■ **Work instruction**
Apart from the pictures, please restate every entry below exactly.

■ **Listed records**
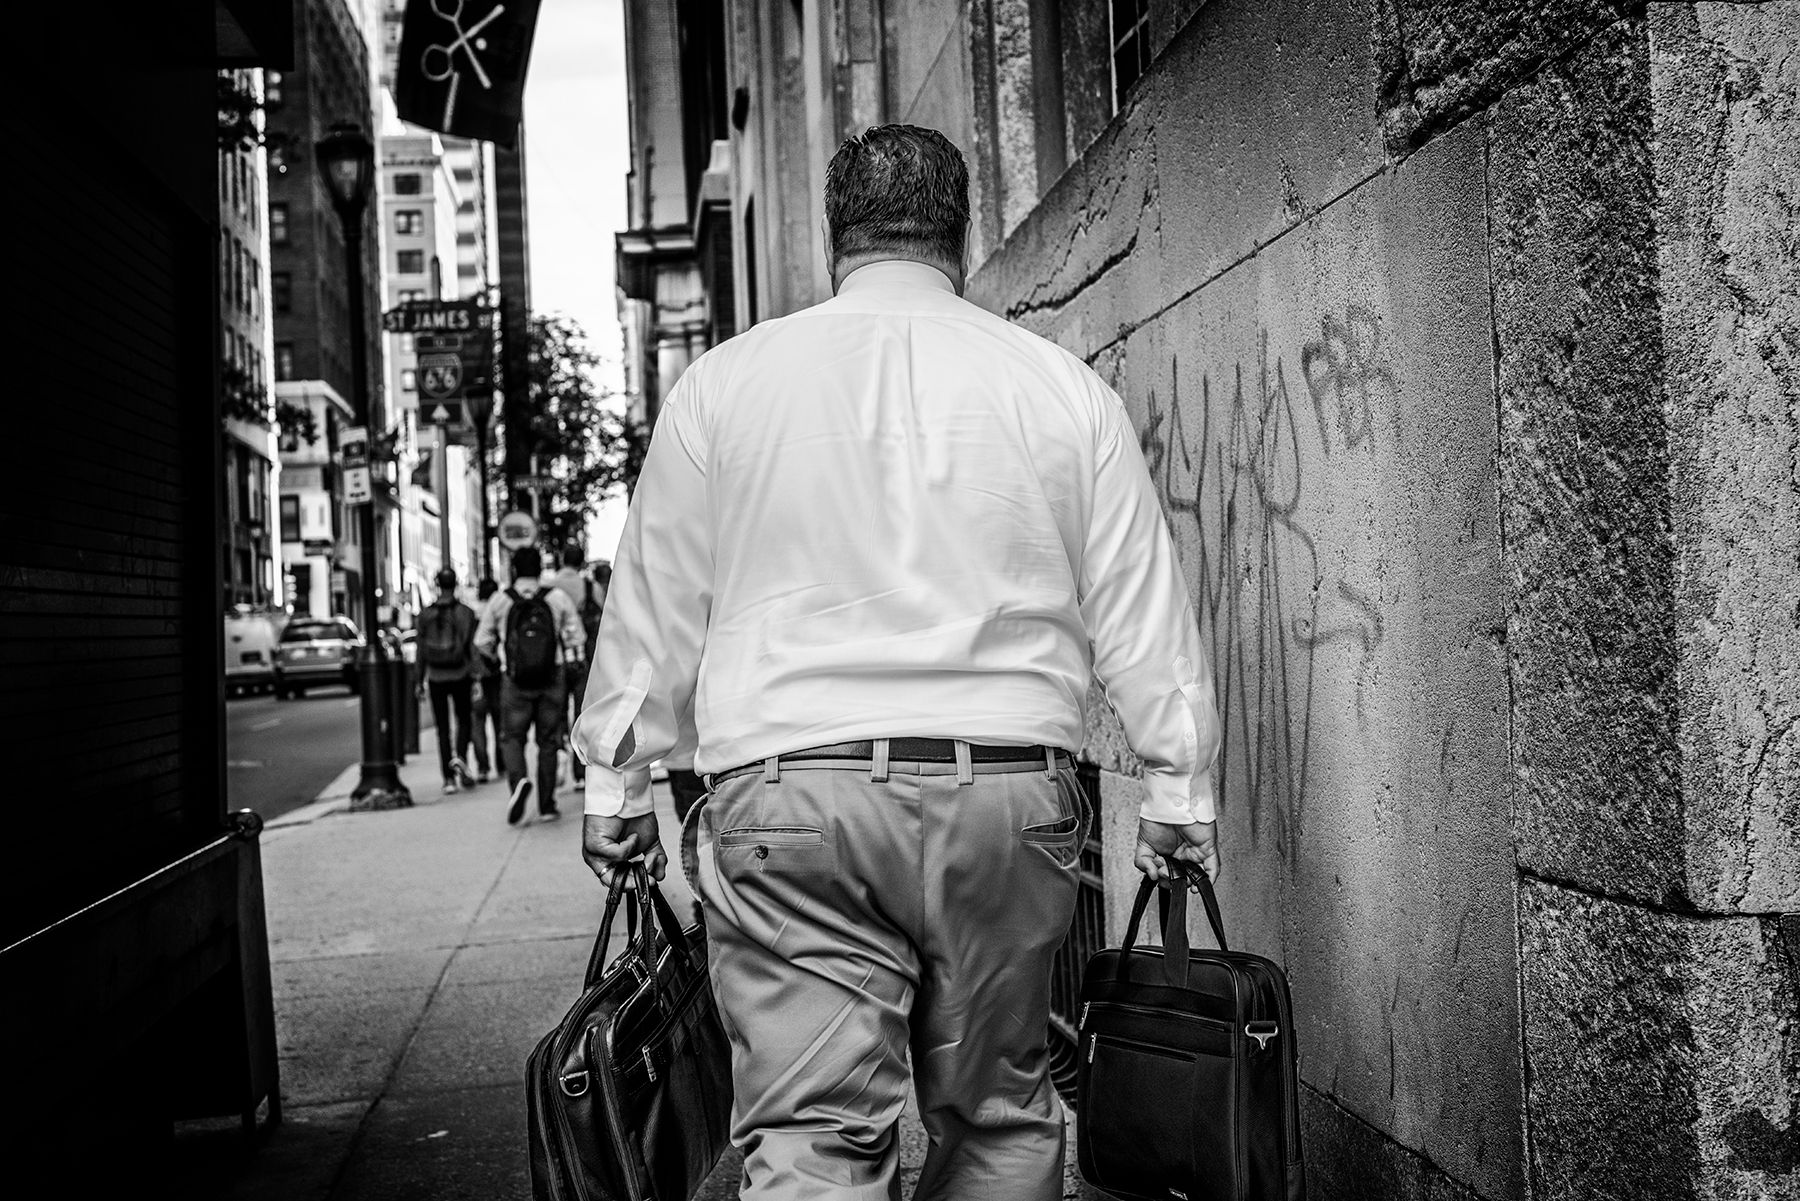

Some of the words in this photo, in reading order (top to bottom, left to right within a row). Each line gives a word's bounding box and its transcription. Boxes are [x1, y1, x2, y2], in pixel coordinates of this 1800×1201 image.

[385, 311, 405, 330] ST
[412, 309, 470, 329] JAMES
[425, 366, 457, 391] 676
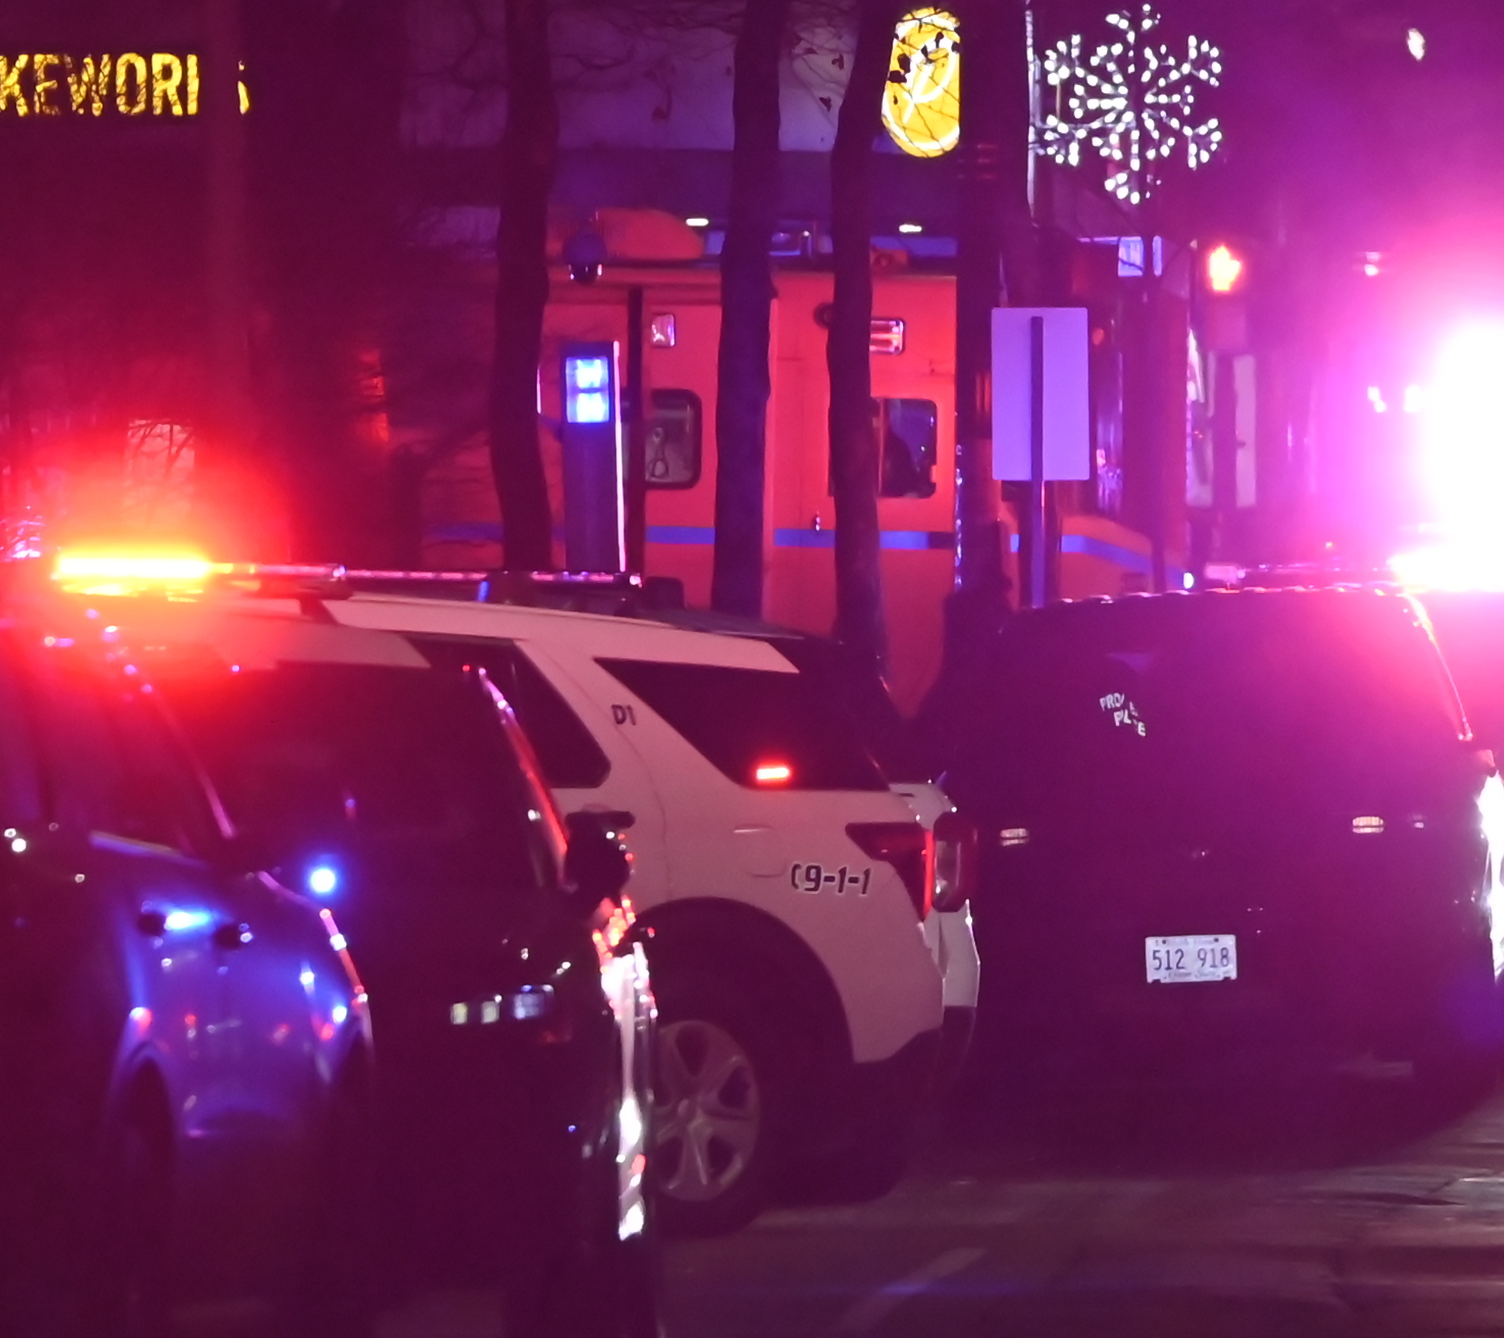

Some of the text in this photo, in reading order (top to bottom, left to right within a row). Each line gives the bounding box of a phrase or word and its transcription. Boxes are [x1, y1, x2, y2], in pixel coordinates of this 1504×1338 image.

[804, 864, 871, 896] 9-1-1
[1152, 947, 1229, 971] 512 918

■ **Solution below**
Some of the words in this photo, in reading order (top to bottom, left to right within a row). Each line gives a word's bounding box and its transcription. Boxes are [x1, y1, x2, y2], in pixel coordinates of this 1800×1201 image.

[385, 311, 405, 330] ST
[412, 309, 470, 329] JAMES
[425, 366, 457, 391] 676

Some of the text in this photo, in reading order (top to bottom, left to right within a row). Each line gives the bounding box of a phrase or word and its transcription. Boxes are [x1, y1, x2, y2], in pixel coordinates of this 1504×1338 image.

[804, 864, 871, 896] 9-1-1
[1152, 947, 1229, 971] 512 918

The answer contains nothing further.